Note that the UDFBench schema contains denormalized features such as nested attributes (JSON list, dict) and the UDFBench queries connect to external denormalized files, hence, enabling testing complex UDF functionality beyond relational. The external files contain information from sources such as arxiv, crossred, pubmed, etc. and are in various formats such as csv, txt, xml, json, etc.
The ER-diagram of the UDFBench schema is as follows:
UDFBench contains four dataset sizes: tiny
, small
, medium
, and large
.
The tiny
dataset is intended for deployment testing and it is included in this repository in the dataset
directory.
The other three sizes are hosted in Zenodo and can be automatically deployed into the UDFBench schema using automated scripts (see instructions.md).
Each dataset consists of 10 CSV files corresponding to the 10 UDFBench schema tables.
The external files used in the UDFBench queries are also available in the same Zenodo repository.
UDFBench comprises 21 SQL queries with UDFs organized in four query classes:
- (QC1) Queries with UDFs and a few relational operators (emphasis on UDFs). These queries are useful for evaluating UDF related overheads.
- (QC2) Queries with a blend of UDFs and expensive relational operators (e.g., join, group) or nesting. These queries are useful for evaluating the interaction of UDFs with heavy relational operators.
- (QC3) Queries with UDFs and complex relational logic. These queries are usefule for evaluating the impact of UDFs in query execution/optimization.
- (QC4) Queries with UDF and DML operations (e.g., insert, update).

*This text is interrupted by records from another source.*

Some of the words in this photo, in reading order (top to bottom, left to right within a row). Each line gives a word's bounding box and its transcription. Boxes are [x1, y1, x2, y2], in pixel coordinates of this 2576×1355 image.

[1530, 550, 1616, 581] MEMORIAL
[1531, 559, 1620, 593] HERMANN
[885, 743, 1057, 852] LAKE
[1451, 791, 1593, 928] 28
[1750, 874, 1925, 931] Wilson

The queries are implemented for all supported engines and can be found in the queries
directory under each engine
directory.
Query Class 1 (QC1)
Q1 - Date Extraction with Scalar UDFs
- Description: Extract the year, month, and day from a date using three scalar UDFs.
- Input: 1 string.
- Output: 3 integer values.
Q2 - Date Extraction with Table UDF
- Description: Extract the year, month, and day from a date using a single table-returning UDF.
- Input: 1 string column.
- Output: 3 integer columns.
Q3 - Multi-language Scalar UDFs
- Description: Extract the year, month, and day from a date using scalar UDFs implemented in different languages.
- Input: 1 string.
- Output: 3 integer values.
Q4 - Average and Median with Aggregate UDFs
- Description: Compute the average and median author count per artifact using two aggregate UDFs.
- Input: 1 integer.
- Output: 2 float values.
Q5 - Aggregate Calculations with Table UDF
- Description: Compute the average and median author count per artifact using a single table-returning UDF.
- Input: 1 integer.
- Output: 2 float values.
Q6 - File Format Conversion
- Description: Convert and union two disk files (XML and JSON formats) into a single CSV file.
- Input: 2 file paths.
- Output: 1 CSV file.
Q7 - JSON File Analysis
- Description: Analyze a JSON file with publication metadata to compute the average citation and author counts.
- Input: 1 file path.
- Output: 2 float values.
Q8 - Publication Metadata Analysis
- Description: Analyze publication metadata from two tables (author lists and citations) to compute the average citation and author counts.
- Input: 2 tables.
- Output: 2 float values.
Q9 - Author Pair Counting
- Description: Clean author list data and count all possible author pairs for publications with fewer than 50 authors.
- Input: 1 table.
- Output: 1 integer value.
Query Class 2 (QC2)
Q10 - Iterative k-Means Clustering
- Description: Perform iterative k-means clustering on publications grouped by type, based on funding amounts accessed through funding projects.
- Input: 2 tables.
- Output: 3 values (1 string, 1 integer, 1 float).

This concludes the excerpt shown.